Fermented foods are time-tested aliments full of Umami. The Central Japan area, being the center of action in Medieval Japan, offers two fine examples of such traditional food; Hatcho Miso and Heshiko.

In Okazaki City, Aichi Prefecture, there still exist two traditional brewers of Hatcho Miso; Kakukyu and Maruya, each boasting several hundred years of history and offering visitors a guided tour. Stepping into the storing house of Miso, visitors will encounter rows of huge tubs with round stones stacked high, laid to withstand strong earthquakes. Under those stones weighing a total of three metric tons for each tub, the Hatcho Miso quietly ages. While ordinary white Miso takes usually six months to ferment, Hatcho Miso needs more than two years to mature. This slow aging process gives Hatcho Miso its reddish brown hue and a very distinct flavour, stout and rich with a subtle bitterness and acidity, completely different from white Miso. Since it is so full-bodied, it shines best when it is used to add flavour to an oil based sauce or dairy products.
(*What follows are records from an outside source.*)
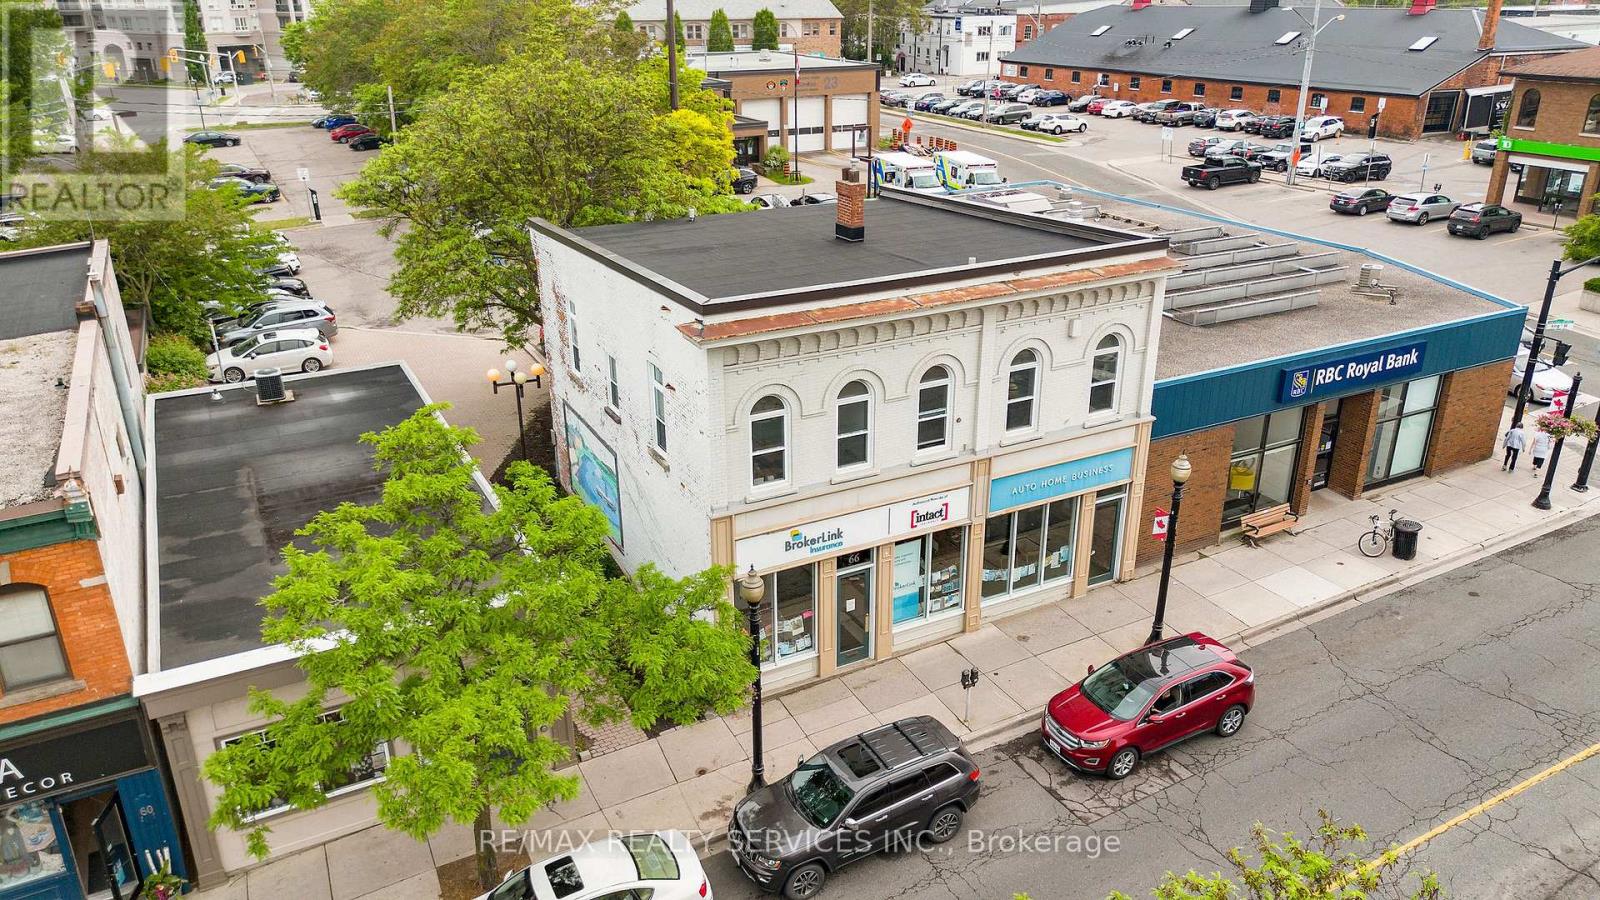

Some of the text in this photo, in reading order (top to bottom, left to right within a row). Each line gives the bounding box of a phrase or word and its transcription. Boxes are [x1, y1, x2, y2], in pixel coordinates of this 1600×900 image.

[1315, 348, 1419, 386] RBC Royal Bank
[1011, 464, 1113, 495] AUTO HOME BUSINESS
[784, 528, 843, 552] BrokerLink
[848, 553, 860, 563] 66
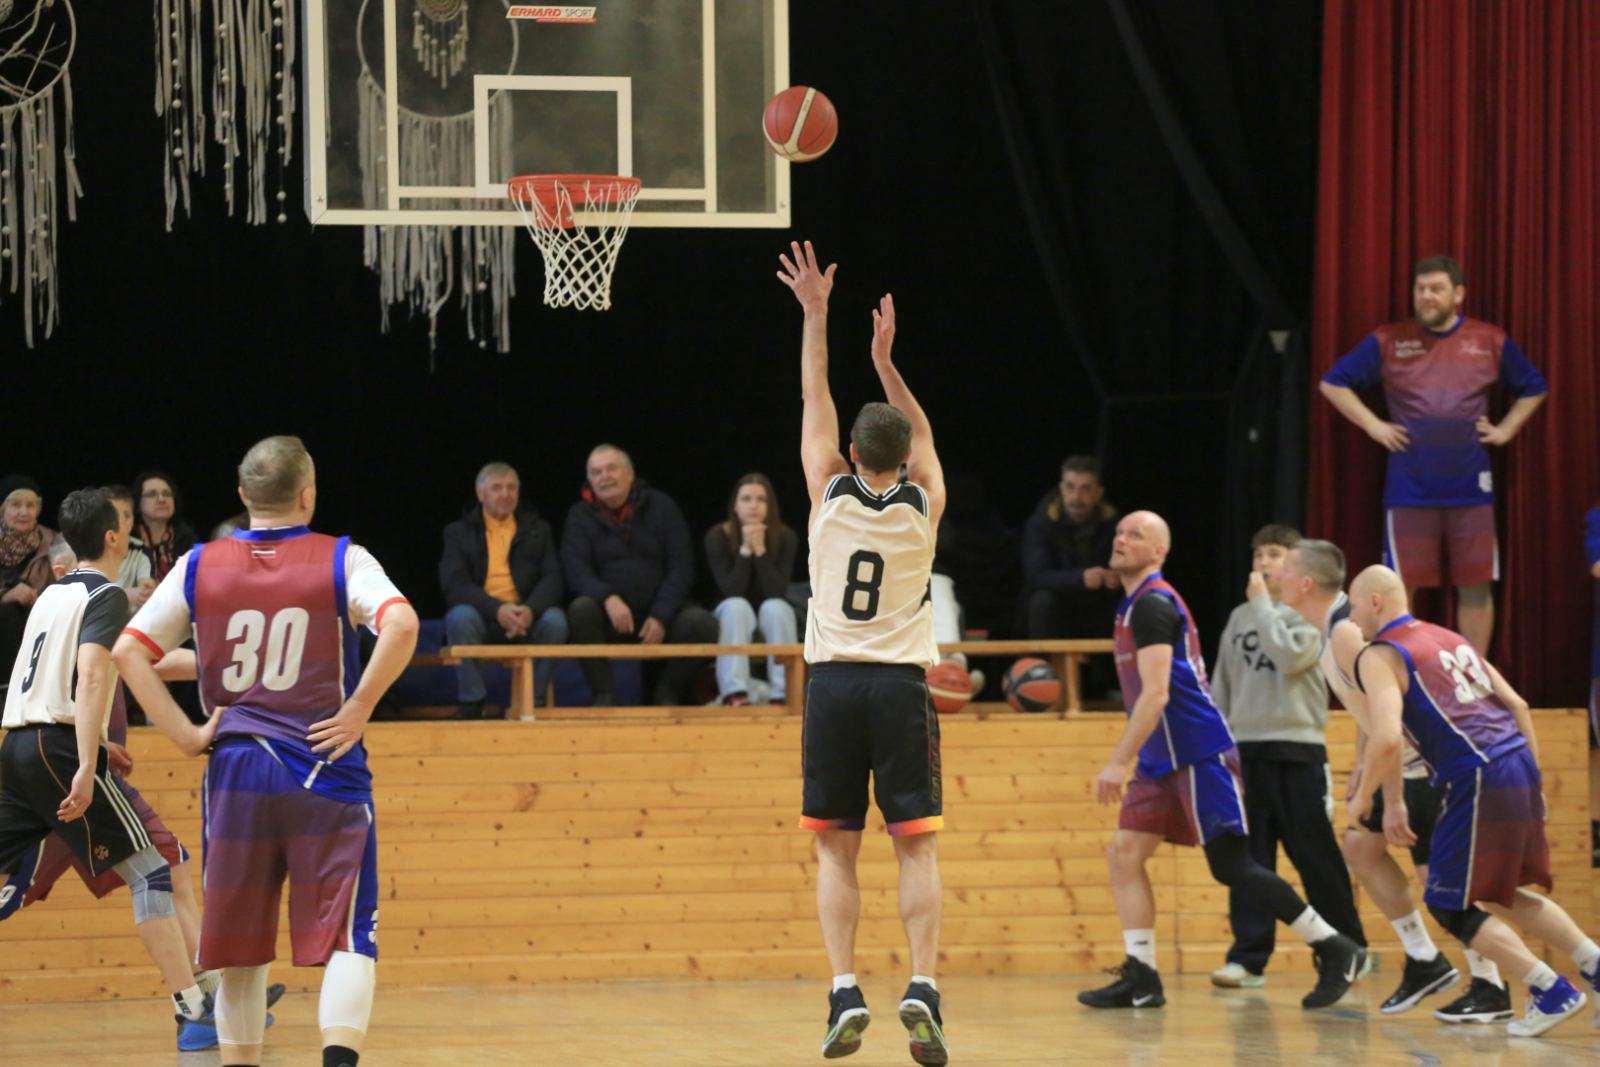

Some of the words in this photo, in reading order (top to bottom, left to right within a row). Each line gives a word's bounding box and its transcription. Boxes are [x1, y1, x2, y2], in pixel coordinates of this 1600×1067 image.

[509, 8, 562, 17] ERHARD
[565, 8, 592, 18] SPORT
[842, 549, 885, 621] 8
[21, 631, 47, 694] 9
[222, 607, 309, 692] 30
[1439, 644, 1493, 704] 33
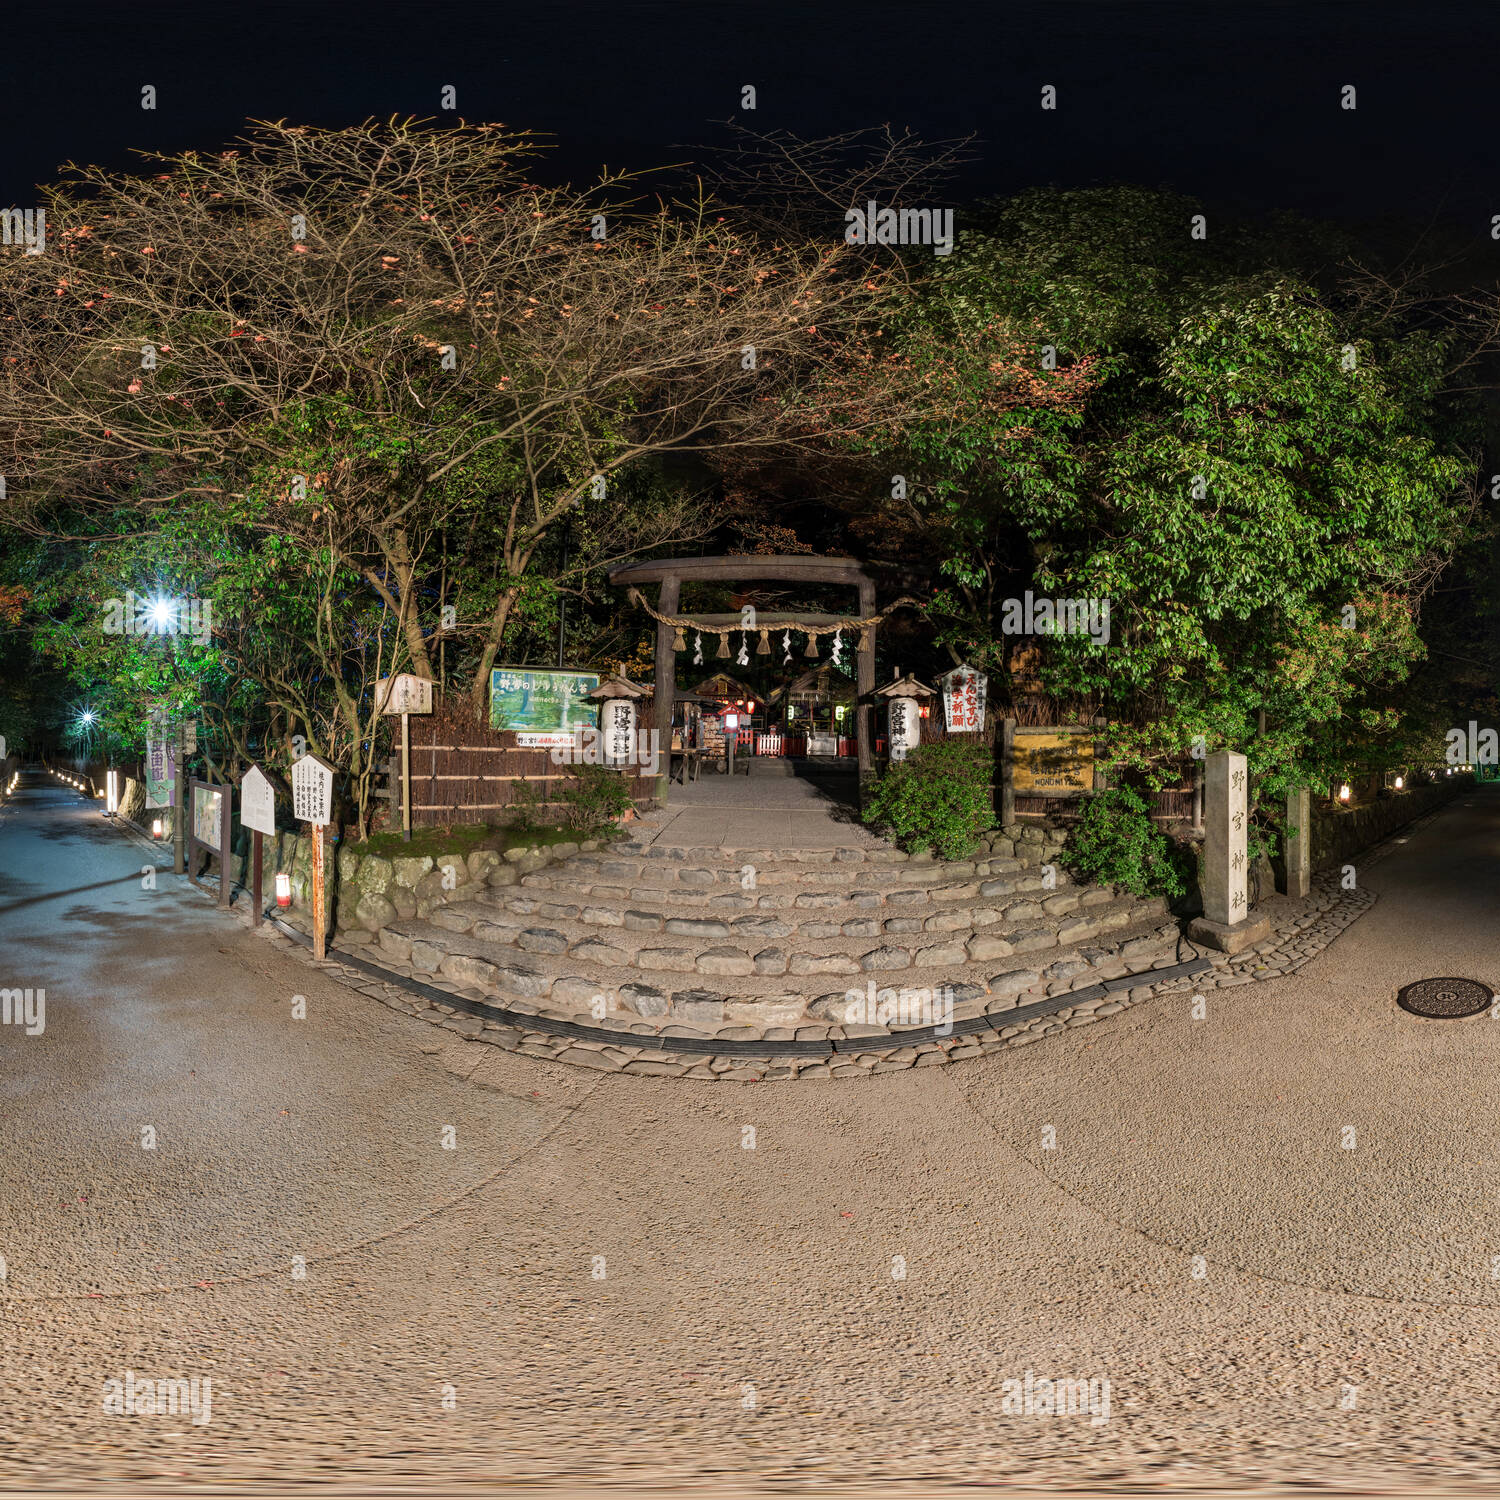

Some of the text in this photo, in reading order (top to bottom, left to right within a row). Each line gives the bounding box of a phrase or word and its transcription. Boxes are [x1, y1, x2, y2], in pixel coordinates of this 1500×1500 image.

[951, 674, 964, 727] 進学祈願
[965, 673, 979, 727] えんむすび
[613, 705, 631, 754] 野宮神社
[1231, 770, 1246, 909] 野宮神社
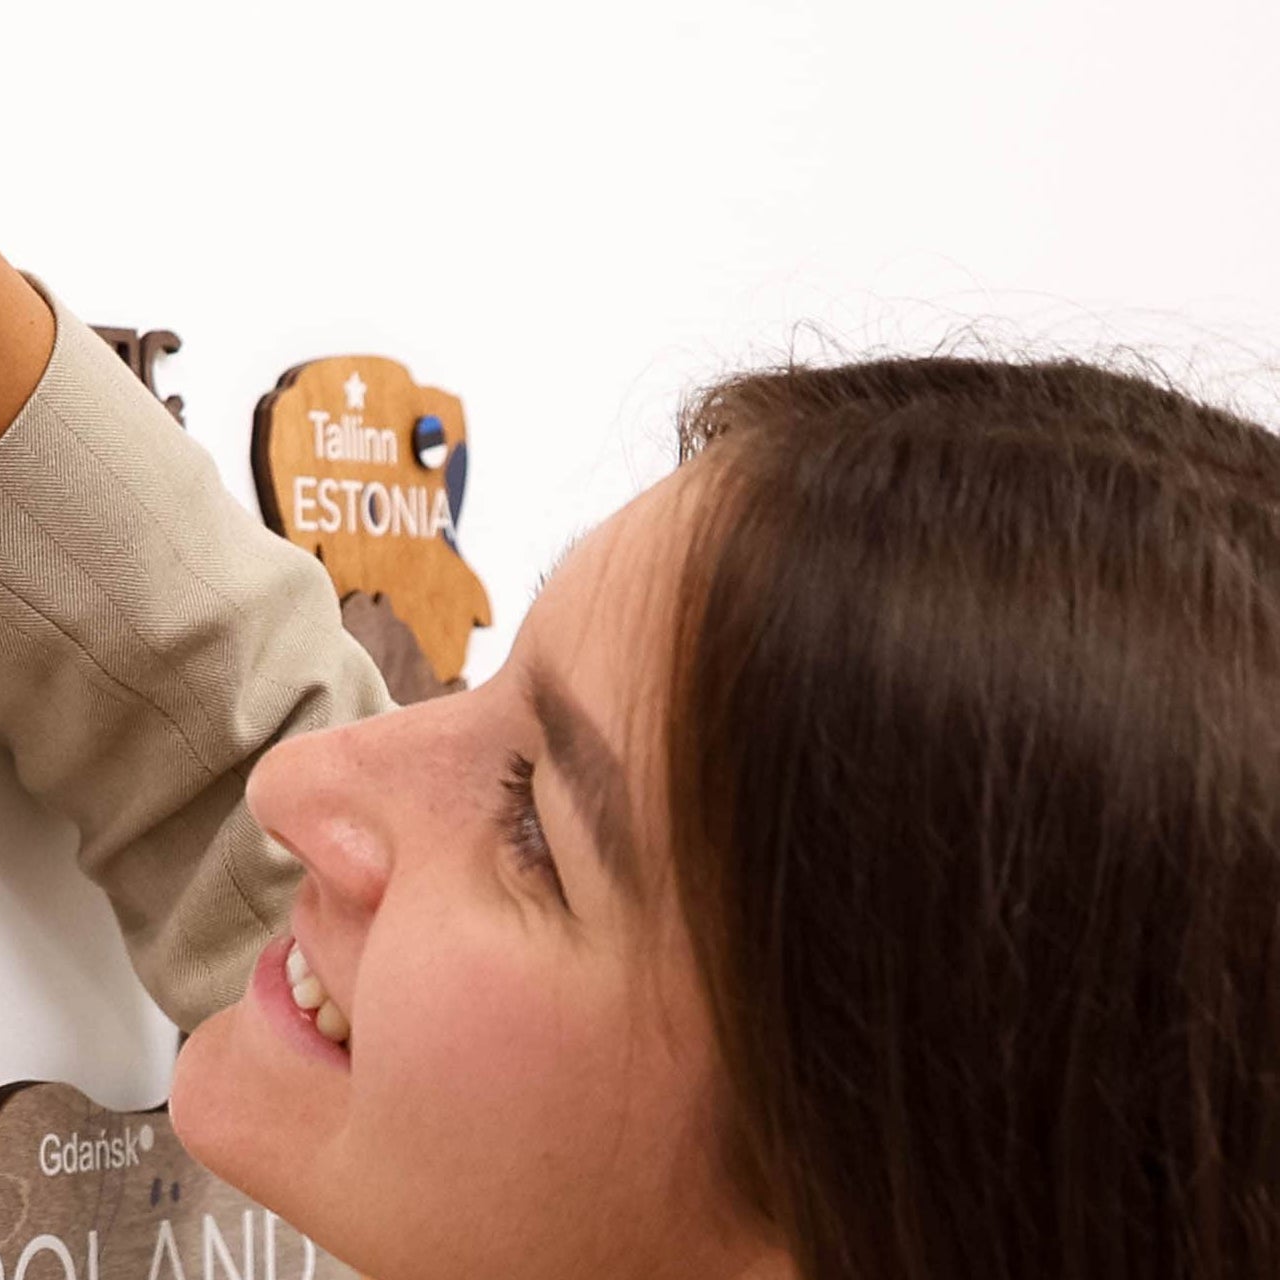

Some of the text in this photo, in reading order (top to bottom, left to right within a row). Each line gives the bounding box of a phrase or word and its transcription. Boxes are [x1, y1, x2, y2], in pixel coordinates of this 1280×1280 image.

A taste of Hatcho Miso Cuisine

Another fine example in the region is Heshiko from Fukui Prefecture. Fermented in a bed of rice bran, the salted mackerel develops a deep flavour with intense Umami, brought out with the help of lactobacilli, microbes also found in yogurt. Thinly sliced and lightly grilled, a strip of Heshiko goes well with Japanese Sake, just like the pairing of wine and cheese. For those who wish to learn more about Heshiko and other fermented foods in Fukui Prefecture, the Miketsukuni Wakasa Obama Food Culture Museum, in Obama City (which has no affiliations with the former U.S. President) is a good place to start.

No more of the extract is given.